La detención de una periodista colombiana en Tennessee ha generado indignación y movilización en redes sociales, donde su caso se ha viralizado en cuestión de horas. Estefany Rodríguez, reconocida por su labor en medios locales de Nashville, fue interceptada por autoridades migratorias bajo circunstancias que su defensa legal considera irregulares.
Según información proporcionada por su abogado, José Medina III, la detención se habría basado en dos notificaciones que, en teoría, debían justificar el procedimiento. Sin embargo, una de ellas no aparecía registrada en el sistema oficial, mientras que la otra no pudo ser entregada debido a las severas tormentas invernales que azotaron varias regiones de Estados Unidos en los últimos meses. Estos fallos en el proceso han llevado a su equipo legal a presentar una impugnación ante una Corte Federal, argumentando que la detención carece de fundamentos legales sólidos.
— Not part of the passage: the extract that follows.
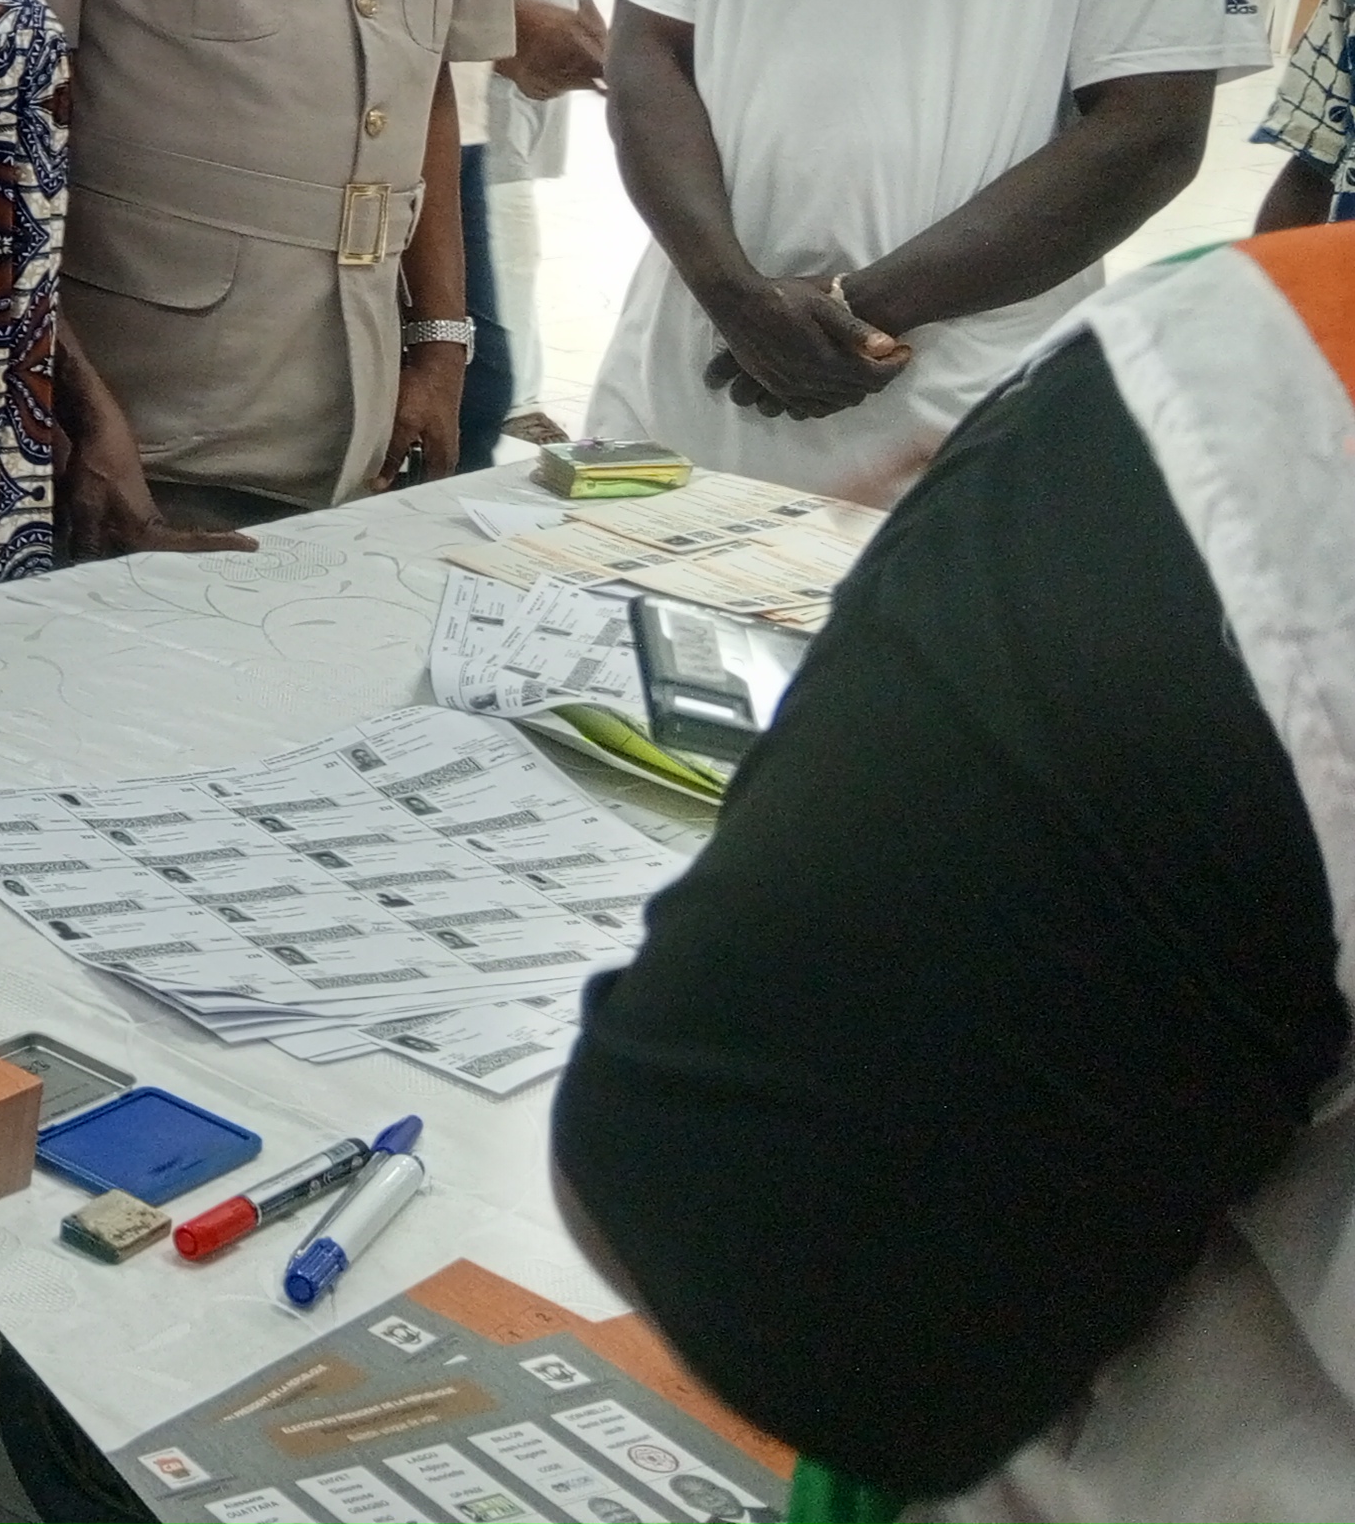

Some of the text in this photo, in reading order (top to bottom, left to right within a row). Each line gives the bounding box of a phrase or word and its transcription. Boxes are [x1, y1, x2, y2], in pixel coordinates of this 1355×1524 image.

Mientras el proceso judicial avanza, Medina III hizo un llamado a la comunidad para que brinde apoyo a la familia de Rodríguez, especialmente a su hija de ocho años, quien ha quedado bajo el cuidado de familiares tras la detención. “Pedimos oraciones y solidaridad para que este caso se resuelva de la manera más justa posible”, declaró el abogado, quien también destacó la importancia de visibilizar la situación para presionar por una solución favorable.
Rodríguez, licenciada en periodismo por una universidad colombiana, cuenta con una trayectoria destacada en medios de su país natal antes de emigrar a Estados Unidos. Desde 2022, se desempeñaba como colaboradora en Nashville, donde se especializó en cubrir temas de migración, salud, seguridad pública y asuntos sociales. Sus colegas la describen como una profesional cercana a la comunidad, comprometida con contar historias locales y con un fuerte vínculo familiar.
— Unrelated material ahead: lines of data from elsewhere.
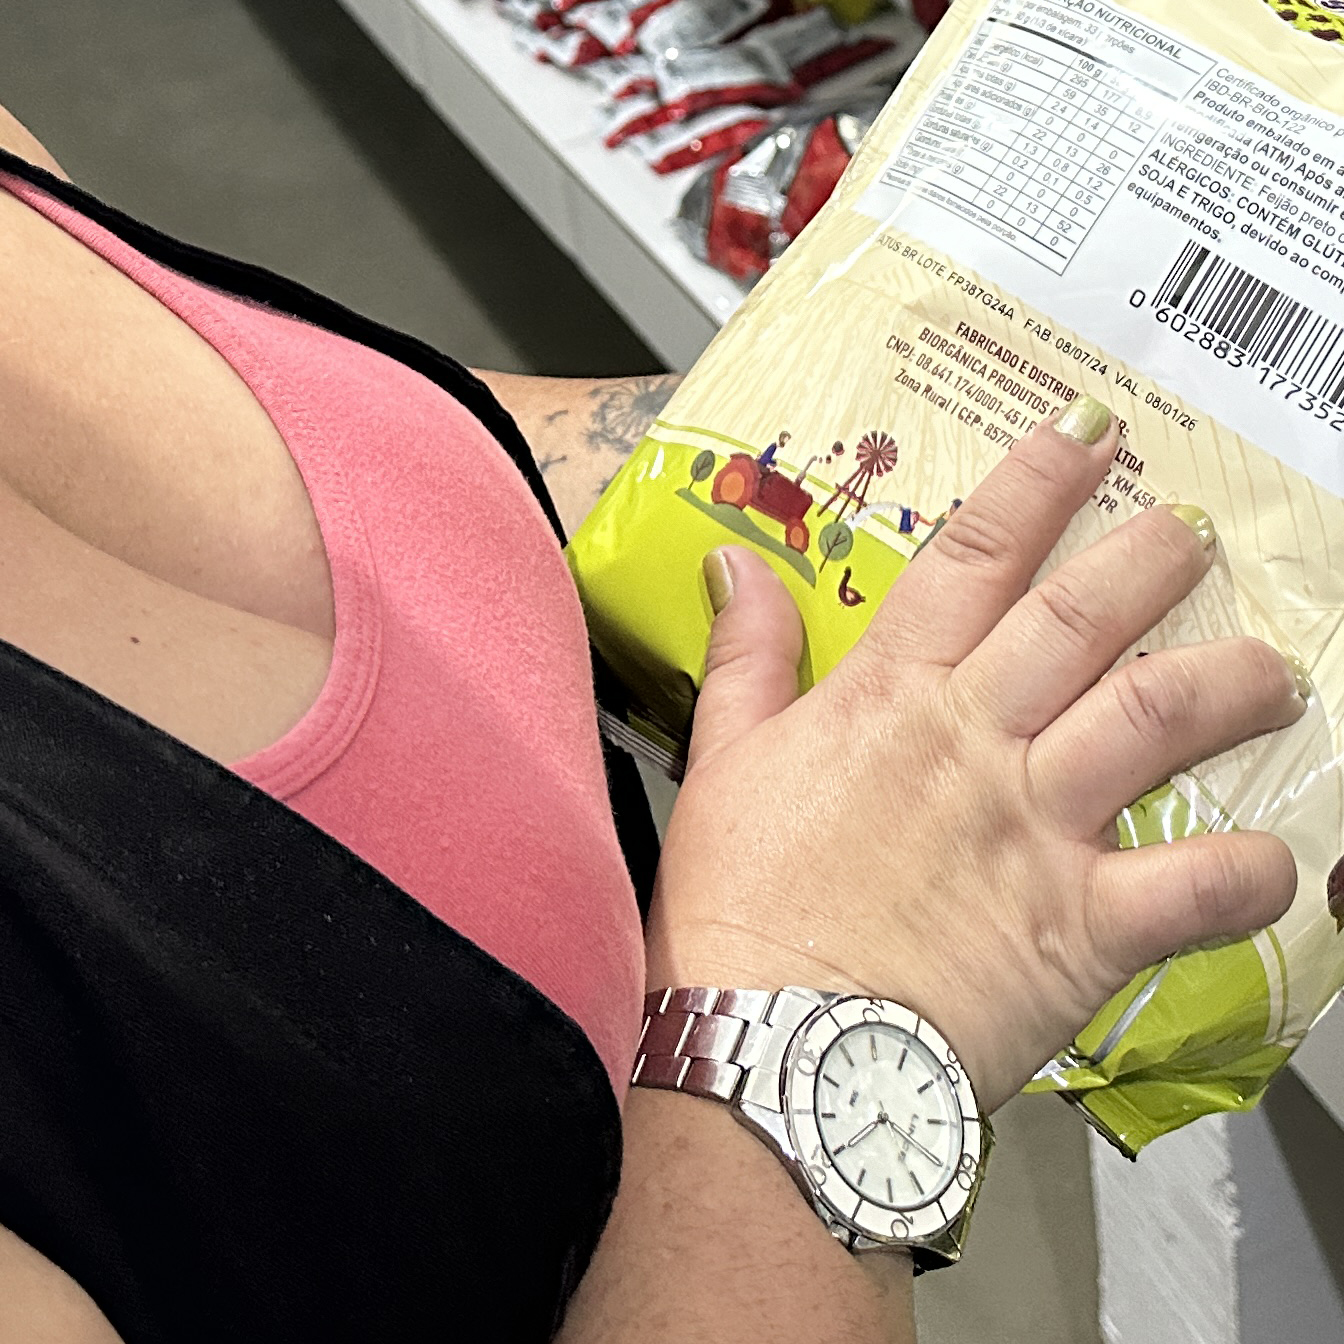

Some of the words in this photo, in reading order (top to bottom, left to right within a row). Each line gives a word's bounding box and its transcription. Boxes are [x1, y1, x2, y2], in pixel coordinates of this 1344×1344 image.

[1094, 7, 1182, 60] NUTRICIONAL
[1069, 73, 1090, 89] 295
[1102, 89, 1123, 104] 177
[1078, 58, 1095, 73] 100
[1062, 88, 1077, 100] 59
[1093, 103, 1109, 117] 35
[1128, 121, 1142, 134] 12
[1205, 79, 1305, 134] IBD-BR-BIO-122
[1217, 68, 1280, 107] Certificado
[1281, 106, 1335, 131] orgânico
[1031, 128, 1048, 142] 22
[1065, 145, 1079, 158] 13
[1095, 162, 1112, 176] 26
[1044, 115, 1055, 126] 0
[1076, 132, 1086, 143] 0
[1108, 149, 1119, 160] 0
[1193, 91, 1244, 122] Produto
[1246, 120, 1310, 156] embalado
[1313, 154, 1335, 170] em
[1160, 134, 1255, 190] INGREDIENTE:
[1258, 185, 1298, 215] Feijão
[1298, 211, 1335, 236] preto
[1251, 161, 1270, 176] ou
[1272, 173, 1339, 213] consumir
[1253, 140, 1294, 170] (ATM)
[1294, 163, 1333, 189] Após
[992, 184, 1009, 198] 22
[1025, 201, 1039, 215] 13
[1056, 219, 1072, 234] 52
[1005, 171, 1015, 182] 0
[1036, 188, 1046, 199] 0
[1069, 206, 1079, 218] 0
[1128, 183, 1221, 242] equipamentos.
[1139, 164, 1174, 192] SOJA
[1177, 185, 1190, 198] E
[1191, 192, 1235, 229] TRIGO,
[1241, 223, 1287, 255] devido
[1290, 253, 1309, 267] ao
[1149, 149, 1234, 202] ALÉRGICOS:
[1237, 197, 1301, 239] CONTÉM
[986, 199, 996, 209] 0
[1016, 216, 1027, 227] 0
[1049, 235, 1060, 247] 0
[901, 246, 918, 261] BR
[947, 272, 1013, 320] FP387G24A
[1055, 338, 1108, 375] 08/07/24
[1145, 392, 1197, 431] 08/01/26
[955, 322, 1019, 368] FABRICADO
[1019, 360, 1029, 374] E
[1130, 290, 1145, 308] 0
[1156, 308, 1246, 367] 602883
[886, 335, 914, 361] CNPJ:
[916, 353, 1021, 424] 08.641.174/0001-45
[1112, 475, 1135, 496] KM
[1132, 489, 1156, 509] 458
[918, 327, 987, 378] BIORGÂNICA
[987, 369, 1049, 414] PRODUTOS
[1115, 447, 1144, 476] LTDA
[895, 368, 921, 393] Zona
[921, 384, 952, 411] Rural
[958, 407, 983, 427] CEP:
[1098, 494, 1118, 513] PR
El caso ha resonado con fuerza en plataformas digitales, donde usuarios y organizaciones defensoras de los derechos de los migrantes han expresado su preocupación por lo que consideran un posible abuso de autoridad. La periodista, conocida por su trabajo en terreno y su enfoque humano, ha ganado el respaldo de cientos de personas que exigen su liberación inmediata.
La situación de Rodríguez pone de relieve los desafíos que enfrentan los periodistas migrantes en Estados Unidos, especialmente aquellos que, como ella, cubren temas sensibles que pueden ponerlos en la mira de las autoridades. Mientras su defensa legal prepara los siguientes pasos, la incertidumbre sobre su futuro sigue generando tensión entre sus allegados y la comunidad que ha seguido de cerca su labor.
Este caso también ha reavivado el debate sobre las políticas migratorias en el país, donde miles de familias viven con el temor constante a la deportación. Para muchos, la detención de Rodríguez no es solo un asunto legal, sino un recordatorio de la vulnerabilidad que enfrentan quienes, como ella, buscan construir una vida lejos de su tierra natal. La esperanza ahora está puesta en que la justicia prevalezca y que la periodista pueda reunirse pronto con su hija y continuar su trabajo.